How many duplicate functions before I should consolidate them?
Two is enough — do not wait for a third occurrence. With AI-generated duplication, each additional independently-written version tends to accumulate its own callers and its own slight behavioral differences (different edge case handling, different defaults). Consolidating two versions, before a third accumulates its own dependents, is meaningfully cheaper than consolidating three versions that have each drifted independently.
Does this problem get worse with larger codebases?
Yes, and not linearly. The probability that any given agent session’s context window contains an existing relevant implementation decreases as the codebase grows, because the context window is a roughly fixed size while the codebase grows around it. A small project might fit entirely in context, making duplication rare. A large codebase guarantees the agent sees only a small fraction of existing code on any given task, making duplication structurally more likely with every additional file the codebase grows by.
Does adding type annotations help reduce AI-generated duplication?
Indirectly, yes. Type signatures make shared utility functions more discoverable — both by search tooling that can filter by signature shape, and by agents reading code, since a typed signature communicates intent more explicitly than an untyped one. This does not prevent duplication on its own, but it makes existing implementations easier to find during a search-before-generation step, which is the actual prevention mechanism. Codebases in TypeScript or Java have a search advantage over equivalent JavaScript or Python codebases for this reason specifically.
Should I refactor existing AI-generated duplicates immediately when I find them?

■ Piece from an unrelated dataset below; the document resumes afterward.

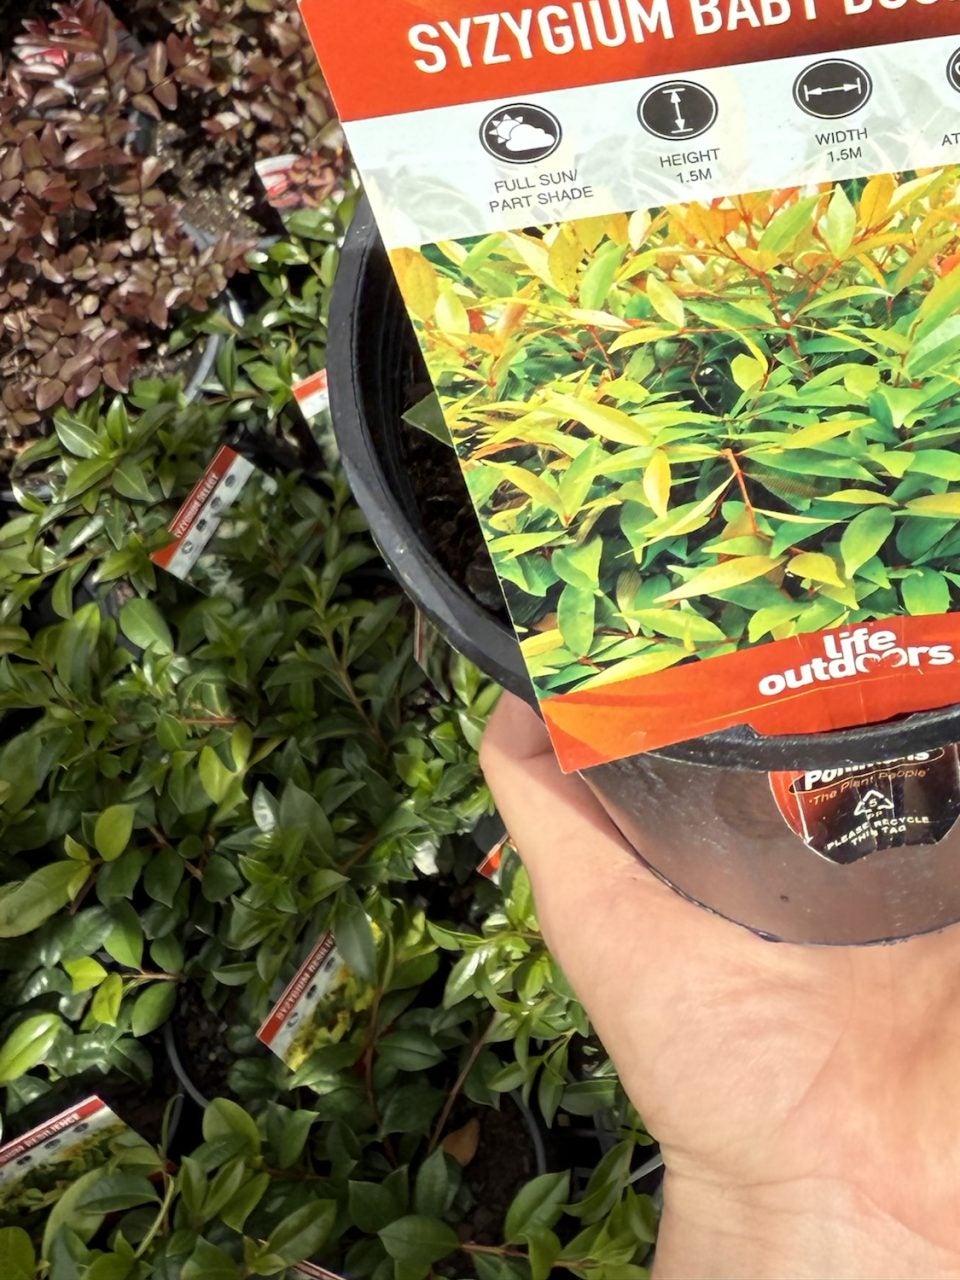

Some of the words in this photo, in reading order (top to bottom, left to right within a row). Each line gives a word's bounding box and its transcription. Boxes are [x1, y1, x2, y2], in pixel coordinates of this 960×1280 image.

Not always immediately, but flag them for consolidation before the next related change touches either version. If both versions are stable and unlikely to be modified soon, consolidating can wait without cost. If either version is likely to be touched again — a feature actively under development — consolidate before that next change, because making the same fix in two places (or, more likely, making it in one and forgetting the other) is exactly the scenario that turns silent duplication into a user-facing inconsistency.